Egitto, Patrick Zaki resta in carcere: il ricorso è stato respinto
Patrick George Zaki deve restare in carcere. E’ stato infatti respinto il ricorso presentato contro l’ultimo prolungamento della custodia cautelare dello studente egiziano dell’università di Bologna in prigione da febbraio con l'accusa di propaganda sovversiva su internet. “Il ricorso è stato respinto”, ha detto all’ANSA una sua legale, Hoda Nasrallah, riferendosi al pronunciamento odierno di una corte di assise del Cairo. Zaki è comparso in aula, ha riferito inoltre la legale. L’udienza era stata stata segnalata ieri dalla rete degli attivisti che chiede la sua liberazione.
Gli avvocati del ragazzo hanno impugnata la decisione di rinnovo della detenzione di altri 45 giorni pronunciata il 7 ottobre e che tiene Patrick in un carcere del complesso carcerario di Tora, all’estrema periferia sud della capitale egiziana. Dopo una prima fase di cinque mesi di rinnovi quindicinali ritardati dall’emergenza Covid, per Zaki ora si è in quella dei prolungamenti di 45 giorni. La custodia cautelare in Egitto può durare due anni.
Le accuse a suo carico sono basate su dieci post di un account Facebook che i suoi legali considerano fake ma che hanno configurato fra l’altro i reati di diffusione di notizie false, incitamento alla protesta e istigazione alla violenza e ai crimini terroristici, reati che secondo Amnesty gli fanno rischiare fino a 25 anni di carcere.
A causa della pandemia da Coronavirus, le visite già sporadiche consentite ai familiari sono diventate ancora più rare, come ha raccontato qualche settimana fa a Fanpage, la sorella Marise: "Con il Coronavirus le visite sono diventati impossibili. Prima non potevamo vederlo spesso, è vero, ma con l'epidemia le cose sono diventate praticamente impossibili. Non lo vedo da marzo mentre i miei genitori lo hanno visto separatamente”. "Mia madre dice che Patrick è molto dimagrito – spiega Marise – ma non so molto altro.

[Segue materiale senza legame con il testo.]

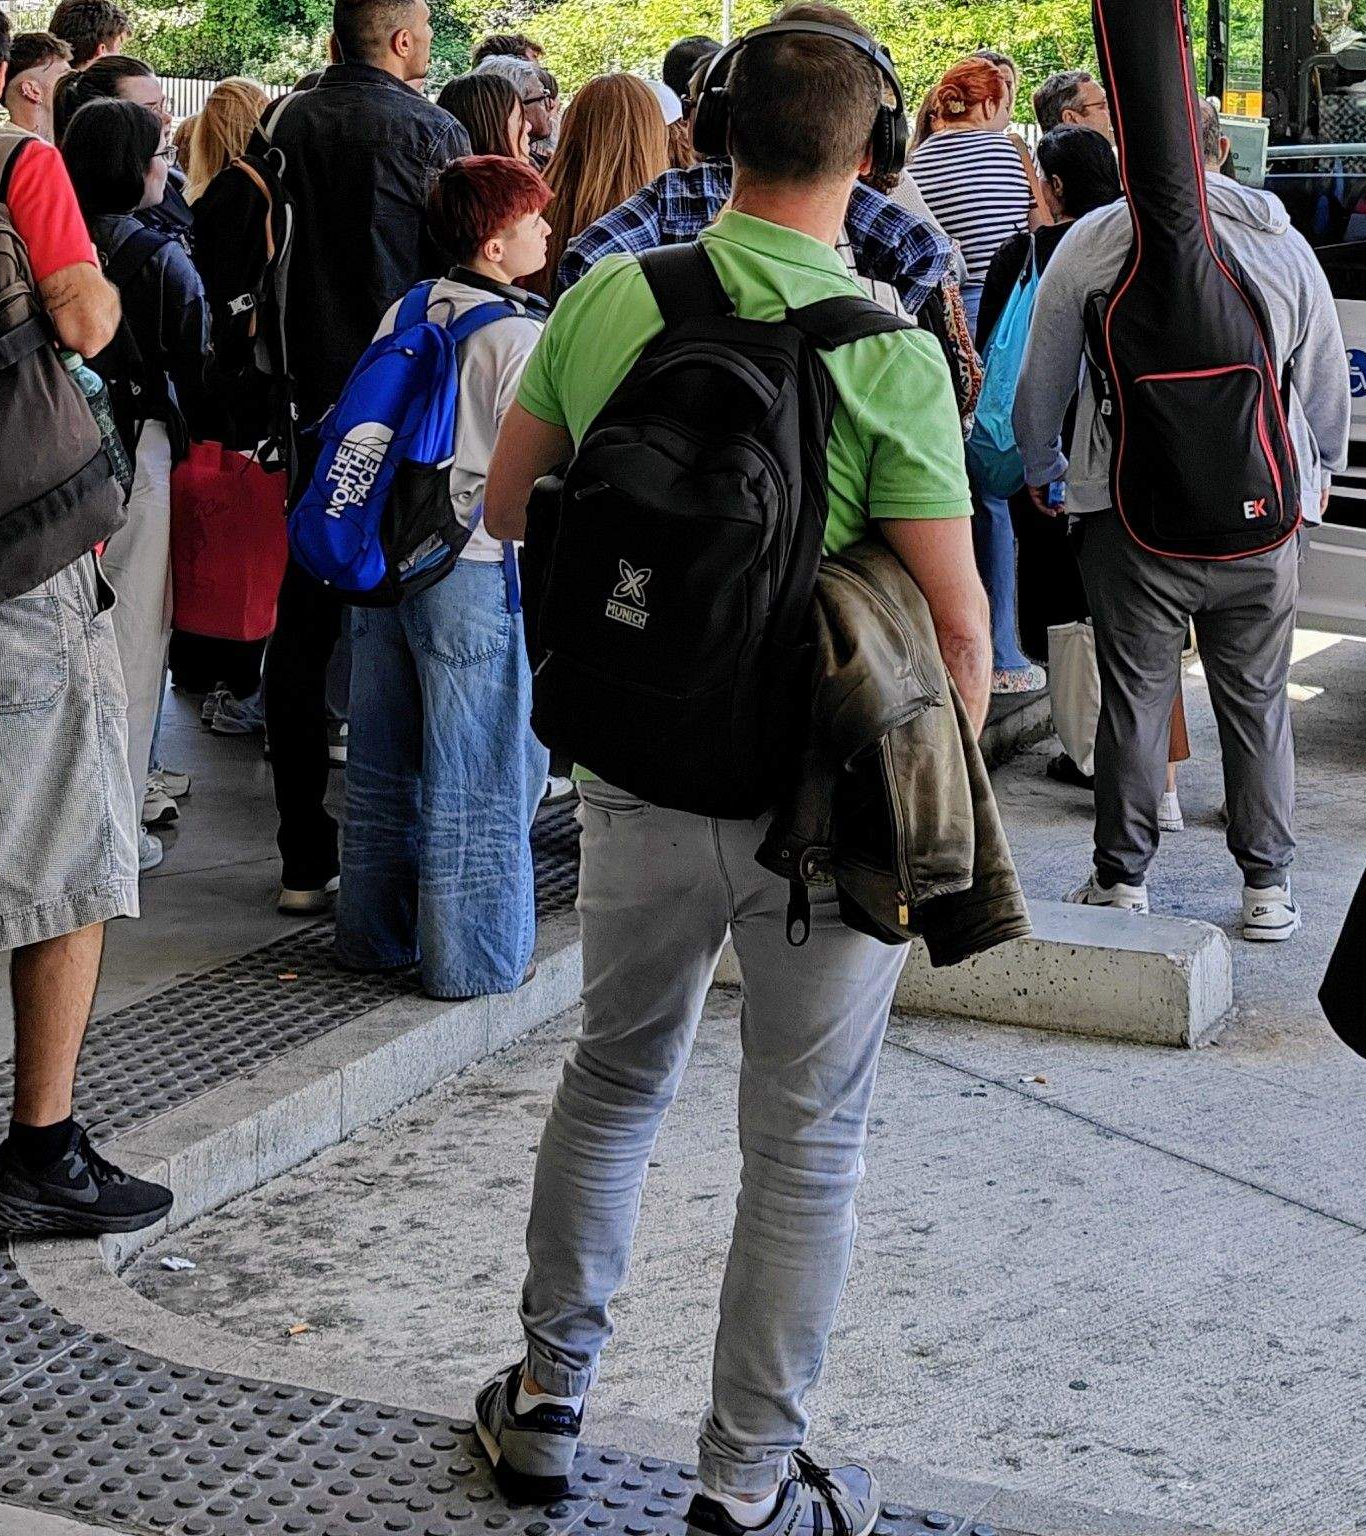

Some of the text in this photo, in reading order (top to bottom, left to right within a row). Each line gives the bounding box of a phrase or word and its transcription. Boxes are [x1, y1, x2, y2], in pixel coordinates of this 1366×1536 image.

[325, 444, 354, 482] THE
[348, 457, 381, 507] FACE
[325, 451, 368, 519] NORTH
[1243, 498, 1267, 519] EK
[605, 600, 648, 628] MUNICH
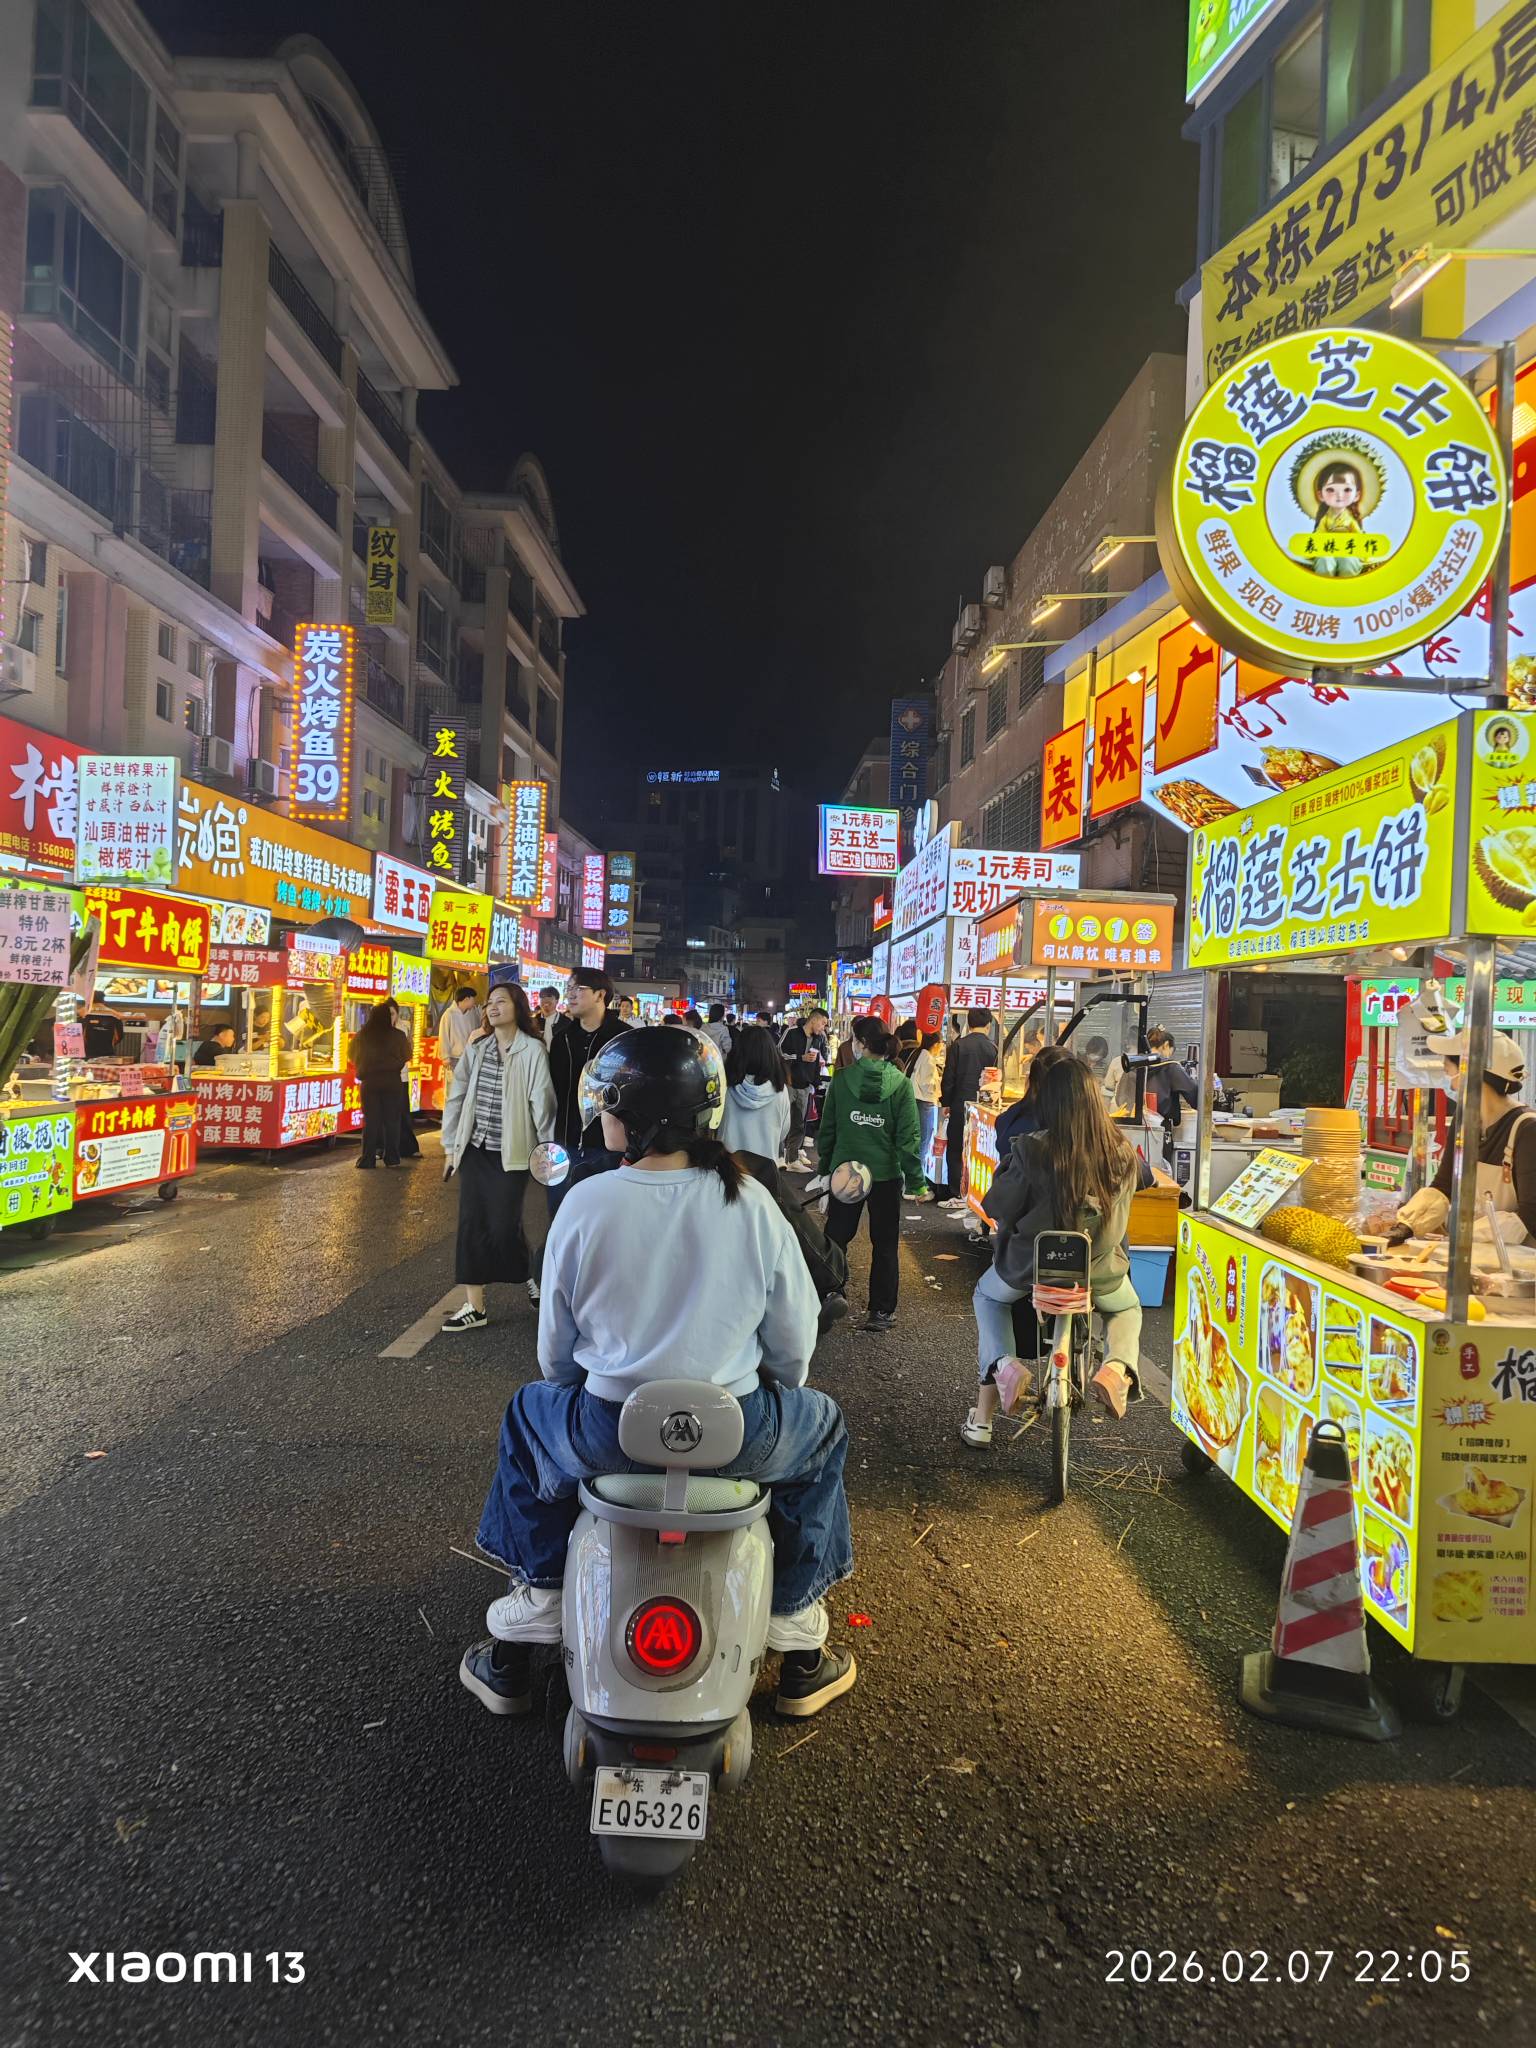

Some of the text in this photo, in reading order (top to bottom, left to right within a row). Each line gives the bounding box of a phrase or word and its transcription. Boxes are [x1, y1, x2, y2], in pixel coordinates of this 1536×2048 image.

[1186, 339, 1497, 512] 榴莲芝士饼
[369, 530, 396, 591] 纹身
[1204, 528, 1242, 579] 鲜果
[1237, 577, 1283, 622] 现包
[1291, 609, 1341, 639] 现烤
[300, 631, 343, 761] 炭火烤鱼
[86, 762, 168, 778] 吴记鲜榨果汁
[1045, 755, 1078, 824] 表
[1095, 706, 1138, 789] 妹
[295, 763, 340, 803] 39
[427, 728, 460, 869] 炭火烤鱼
[84, 822, 167, 844] 汕頭油柑汁
[842, 813, 883, 829] 1元寿司
[511, 786, 541, 898] 潜江油焖大虾
[830, 828, 896, 849] 买五送一
[99, 847, 151, 869] 橄榄汁
[250, 837, 372, 899] 我们始终坚持活鱼与木炭现烤
[977, 856, 1053, 882] 1元寿司
[1200, 810, 1423, 937] 榴莲芝士饼
[385, 869, 431, 925] 霸王面
[443, 900, 479, 915] 第一家
[19, 915, 49, 933] 特价
[84, 899, 204, 960] 门丁牛肉饼
[42, 938, 66, 953] 2杯
[432, 920, 486, 955] 锅包肉
[233, 951, 279, 963] 香而不腻
[1042, 943, 1099, 962] 何以解忧
[191, 1083, 274, 1103] 州烤小肠
[92, 1104, 157, 1134] 门丁牛肉饼
[850, 1110, 885, 1128] Carlsberg
[196, 1126, 262, 1145] 酥里嫩
[1463, 1346, 1475, 1373] 手工
[631, 1778, 673, 1796] 东莞
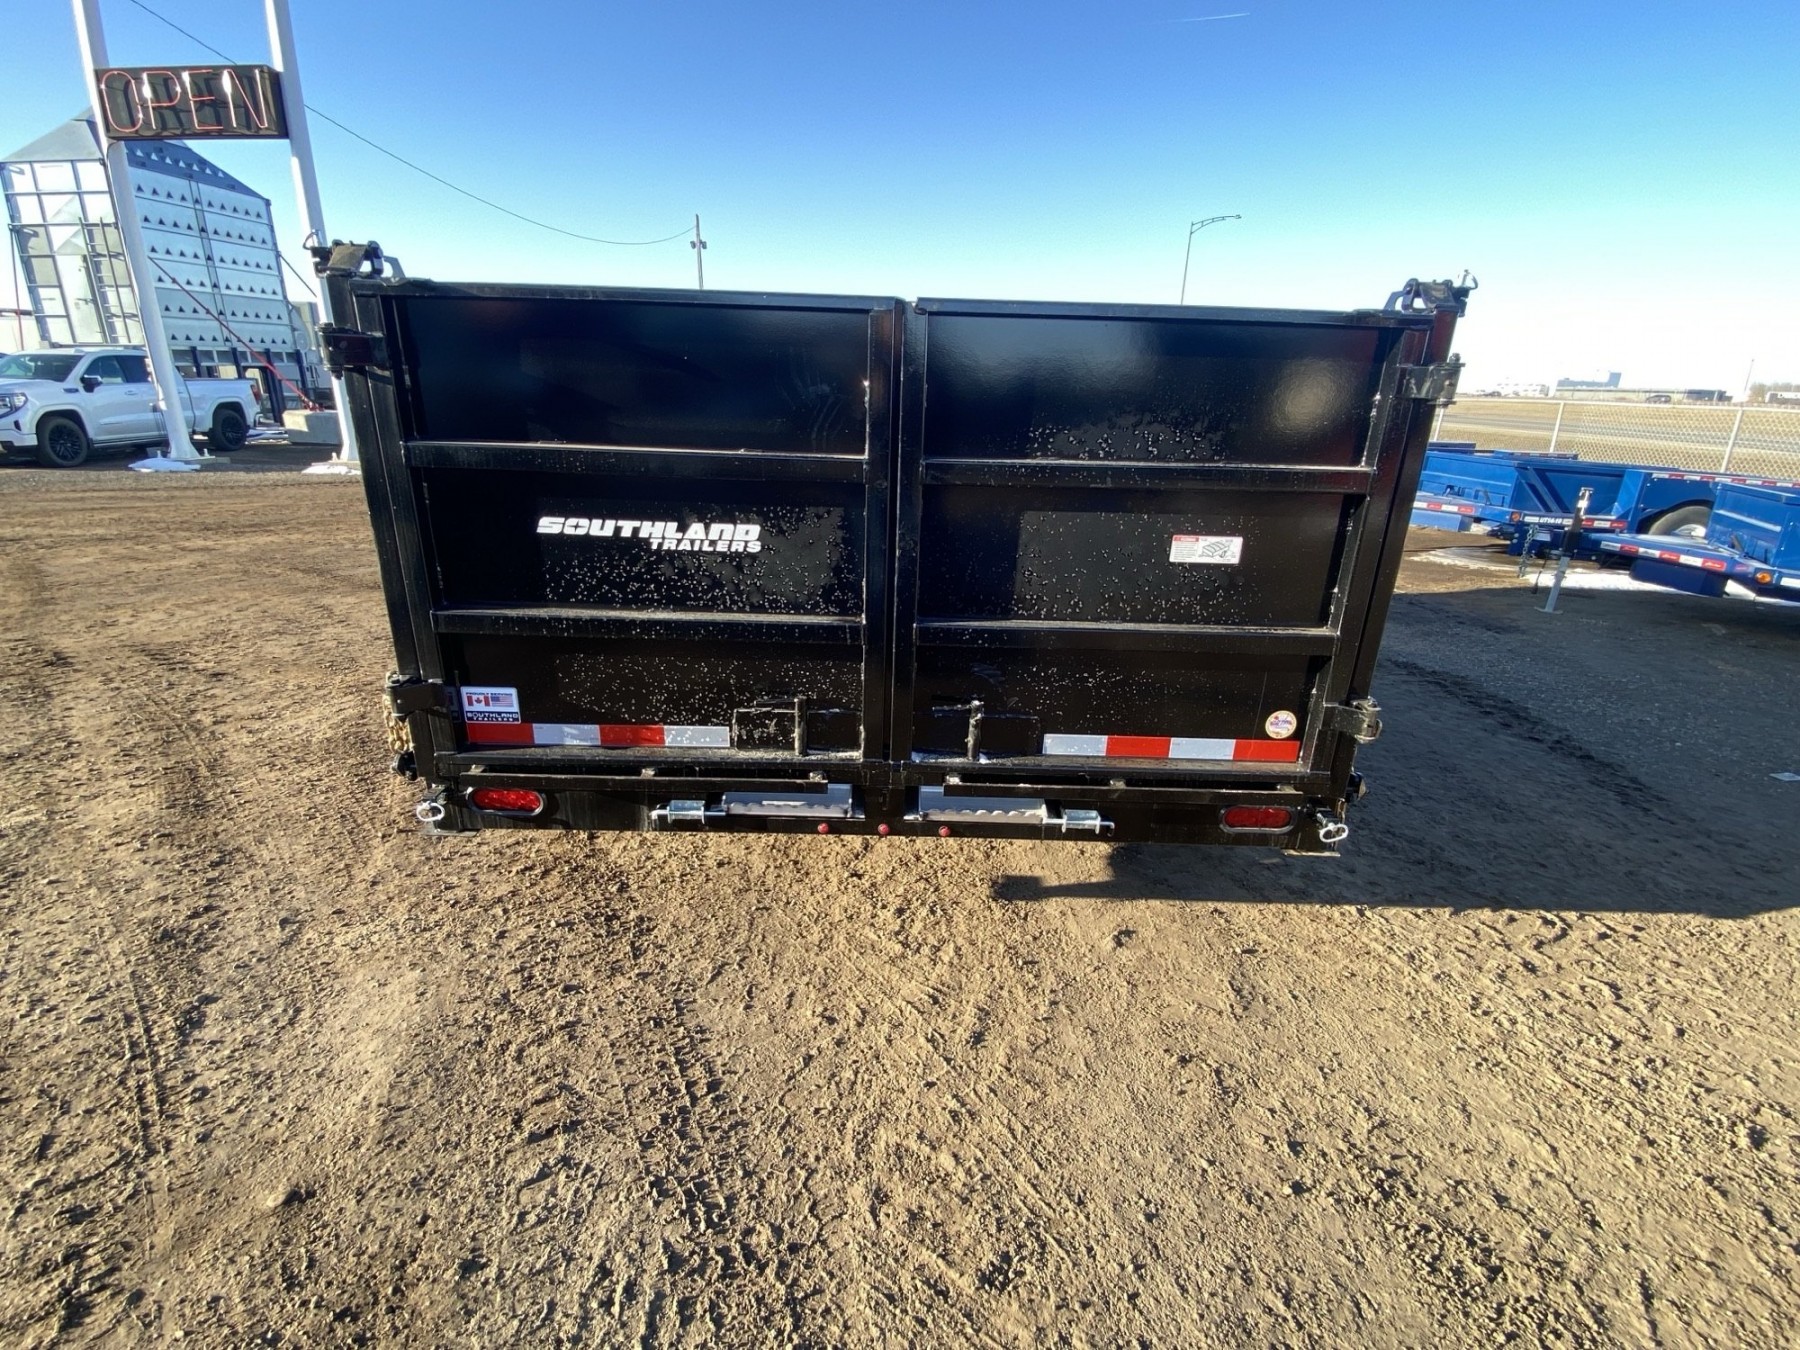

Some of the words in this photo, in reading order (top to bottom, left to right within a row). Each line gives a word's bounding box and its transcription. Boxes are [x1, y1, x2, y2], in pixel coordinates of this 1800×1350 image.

Vuole tornare a studiare, rivuole la sua vita di sempre e vuole tornare a Bologna. Noi siamo molto spaventati per quanto riguarda l'epidemia, perché non sappiamo se i detenuti riescono ad avere l'accesso alle cure mediche, soprattutto i dissidenti come mio fratello sui quali l'attenzione della stampa estera è comunque alta".